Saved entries
· · · · ·

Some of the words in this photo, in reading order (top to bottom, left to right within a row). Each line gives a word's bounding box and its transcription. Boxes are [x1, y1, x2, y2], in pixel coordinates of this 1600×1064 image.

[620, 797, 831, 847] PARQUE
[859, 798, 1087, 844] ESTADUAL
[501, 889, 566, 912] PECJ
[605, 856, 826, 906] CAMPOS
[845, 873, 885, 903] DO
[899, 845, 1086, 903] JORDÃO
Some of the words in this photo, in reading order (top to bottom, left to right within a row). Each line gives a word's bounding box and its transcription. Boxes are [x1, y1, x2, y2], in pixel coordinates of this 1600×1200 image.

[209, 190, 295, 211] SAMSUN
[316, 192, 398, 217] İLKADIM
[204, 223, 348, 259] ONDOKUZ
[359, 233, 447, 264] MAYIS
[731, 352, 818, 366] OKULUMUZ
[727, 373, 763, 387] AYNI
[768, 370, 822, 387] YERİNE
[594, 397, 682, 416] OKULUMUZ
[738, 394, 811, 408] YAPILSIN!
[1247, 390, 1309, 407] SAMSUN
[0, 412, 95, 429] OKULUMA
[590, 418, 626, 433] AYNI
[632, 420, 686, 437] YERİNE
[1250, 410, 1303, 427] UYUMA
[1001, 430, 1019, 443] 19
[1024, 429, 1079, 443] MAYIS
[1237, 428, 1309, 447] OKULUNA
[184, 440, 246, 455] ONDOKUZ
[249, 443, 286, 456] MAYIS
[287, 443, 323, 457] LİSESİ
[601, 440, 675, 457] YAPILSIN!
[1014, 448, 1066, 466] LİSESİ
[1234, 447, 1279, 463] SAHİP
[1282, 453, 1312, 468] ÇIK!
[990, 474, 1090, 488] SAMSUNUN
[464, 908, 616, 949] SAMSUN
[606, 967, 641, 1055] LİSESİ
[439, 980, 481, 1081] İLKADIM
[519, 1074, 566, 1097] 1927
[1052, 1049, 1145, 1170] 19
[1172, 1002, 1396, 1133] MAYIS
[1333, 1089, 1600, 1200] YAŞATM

· · · · ·

# Task prompt
Retype every record above exactly as written.

# Completed task
Some of the words in this photo, in reading order (top to bottom, left to right within a row). Each line gives a word's bounding box and its transcription. Boxes are [x1, y1, x2, y2], in pixel coordinates of this 1600×1064 image.

[620, 797, 831, 847] PARQUE
[859, 798, 1087, 844] ESTADUAL
[501, 889, 566, 912] PECJ
[605, 856, 826, 906] CAMPOS
[845, 873, 885, 903] DO
[899, 845, 1086, 903] JORDÃO
Some of the words in this photo, in reading order (top to bottom, left to right within a row). Each line gives a word's bounding box and its transcription. Boxes are [x1, y1, x2, y2], in pixel coordinates of this 1600×1200 image.

[209, 190, 295, 211] SAMSUN
[316, 192, 398, 217] İLKADIM
[204, 223, 348, 259] ONDOKUZ
[359, 233, 447, 264] MAYIS
[731, 352, 818, 366] OKULUMUZ
[727, 373, 763, 387] AYNI
[768, 370, 822, 387] YERİNE
[594, 397, 682, 416] OKULUMUZ
[738, 394, 811, 408] YAPILSIN!
[1247, 390, 1309, 407] SAMSUN
[0, 412, 95, 429] OKULUMA
[590, 418, 626, 433] AYNI
[632, 420, 686, 437] YERİNE
[1250, 410, 1303, 427] UYUMA
[1001, 430, 1019, 443] 19
[1024, 429, 1079, 443] MAYIS
[1237, 428, 1309, 447] OKULUNA
[184, 440, 246, 455] ONDOKUZ
[249, 443, 286, 456] MAYIS
[287, 443, 323, 457] LİSESİ
[601, 440, 675, 457] YAPILSIN!
[1014, 448, 1066, 466] LİSESİ
[1234, 447, 1279, 463] SAHİP
[1282, 453, 1312, 468] ÇIK!
[990, 474, 1090, 488] SAMSUNUN
[464, 908, 616, 949] SAMSUN
[606, 967, 641, 1055] LİSESİ
[439, 980, 481, 1081] İLKADIM
[519, 1074, 566, 1097] 1927
[1052, 1049, 1145, 1170] 19
[1172, 1002, 1396, 1133] MAYIS
[1333, 1089, 1600, 1200] YAŞATM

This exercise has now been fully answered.